Article by Barbara Cornell.
Syndicated from Barbara Cornell’s personal blog.
How do you explain to a child the important things?
Honor, integrity, courage, faithfulness?
Try explaining to a two year old that he should tell the truth because his actions become his habits, and his habits become his character. Frustration will follow. So you show a child that he must tell the truth because if he doesn’t, he will be punished, and you hope that by forming his habits, the growth of his character will follow.
When he is six, you can explain to him that he should share because if he doesn’t no one will share with him and hope that eventually he builds a generous spirit.
Understanding cannot be given directly, it can only be shown from every angle and then left with the hope that the student eventually absorbs it.
As a child grows, his obedience gives way to character.
Obedience is initially given out of fear: Mommy will unhappy if I don’t obey. Mommy’s displeasure feels like she doesn’t love me. If she doesn’t love me, I will be abandoned. If I am abandoned, I die.
With a little maturity, obedience is given out of direct barter: I either gain advantage or avoid punishment by obedience.
Deeper understanding gives obedience out of trust. Experience has shown the reason Mommy instructed the way she did to begin with is that she understood what was best for me, so therefore if she commands something now it must be that there is something she understands that I do not. I will obey out of trust until I understand.
Further maturity brings obedience out of self image. I feel better if I am consistent with my beliefs in what is «right» and «wrong.»
Eventually, a child is able to stand on his own feet and be an independent entity, directing his behavior from character.

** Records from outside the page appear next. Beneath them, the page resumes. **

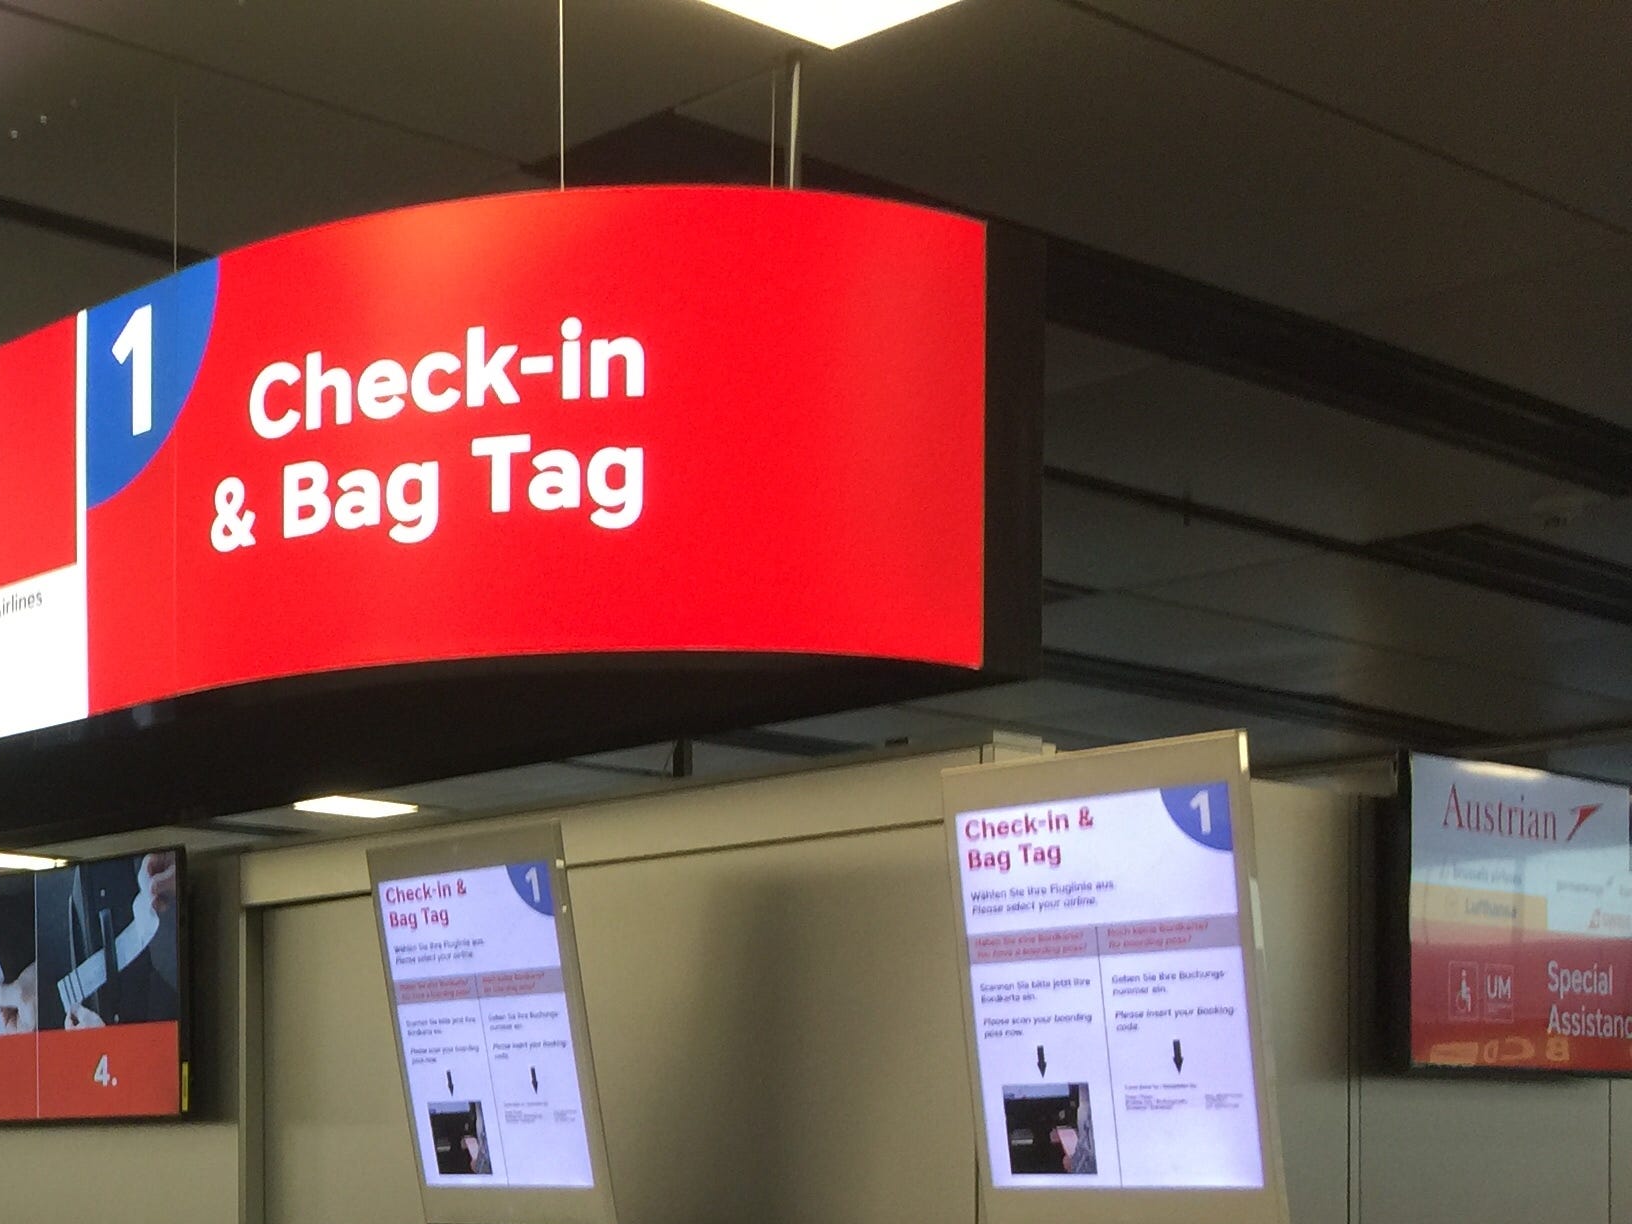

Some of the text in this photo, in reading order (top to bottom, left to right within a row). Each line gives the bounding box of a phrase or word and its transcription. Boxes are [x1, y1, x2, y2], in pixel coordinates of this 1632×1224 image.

[111, 302, 153, 437] 1
[248, 317, 646, 440] Check-in
[210, 432, 645, 553] & Bag Tag
[964, 806, 1095, 842] Check-in &
[1189, 789, 1212, 836] 1
[1442, 783, 1558, 842] Austrian
[967, 842, 1062, 872] Bag Tag
[385, 877, 468, 905] Check-in &
[524, 866, 541, 904] 1
[388, 905, 450, 930] Bag Tag
[1486, 975, 1512, 1000] UM
[1547, 960, 1614, 1000] Special
[92, 1054, 118, 1087] 4.

I used to think this was «maturity.»
But I see that I reasoned from an immature mind.
Is «independence» the final, fully mature state of man?
It used to ignore the later stages of man, seeing them as decayed, something lesser than the man of «independence.»
Ah, the hubris of youth.
In his truly mature form, man is more childlike than in his medium, independent form. That isn’t to say that he is weaker, although he may be physically. That isn’t to say that he gives up his own self, although he may have to soften his will to accommodate limitation.
It is to say that man, in his fully matured form, relies on the providence (or Providence) of the basis established in his early maturity.
When he is truly mature, man trusts, has a mind untroubled by the necessity of production, unmoved by the need to prove, satisfied that what he has done is enough.
When he is mature, man is content to be happy now, much like a child.
When I grow up, I want to be a child.
«I shall buy satin sandals and say we’ve no money for butter.»
John 21:18 «When you were younger, you dressed yourself and went where you wanted; but when you are old you will stretch out your hands, and someone else will dress you and lead you where you do not want to go.»
«What goes on four legs in the morning, on two legs at noon, and on three legs in the evening?»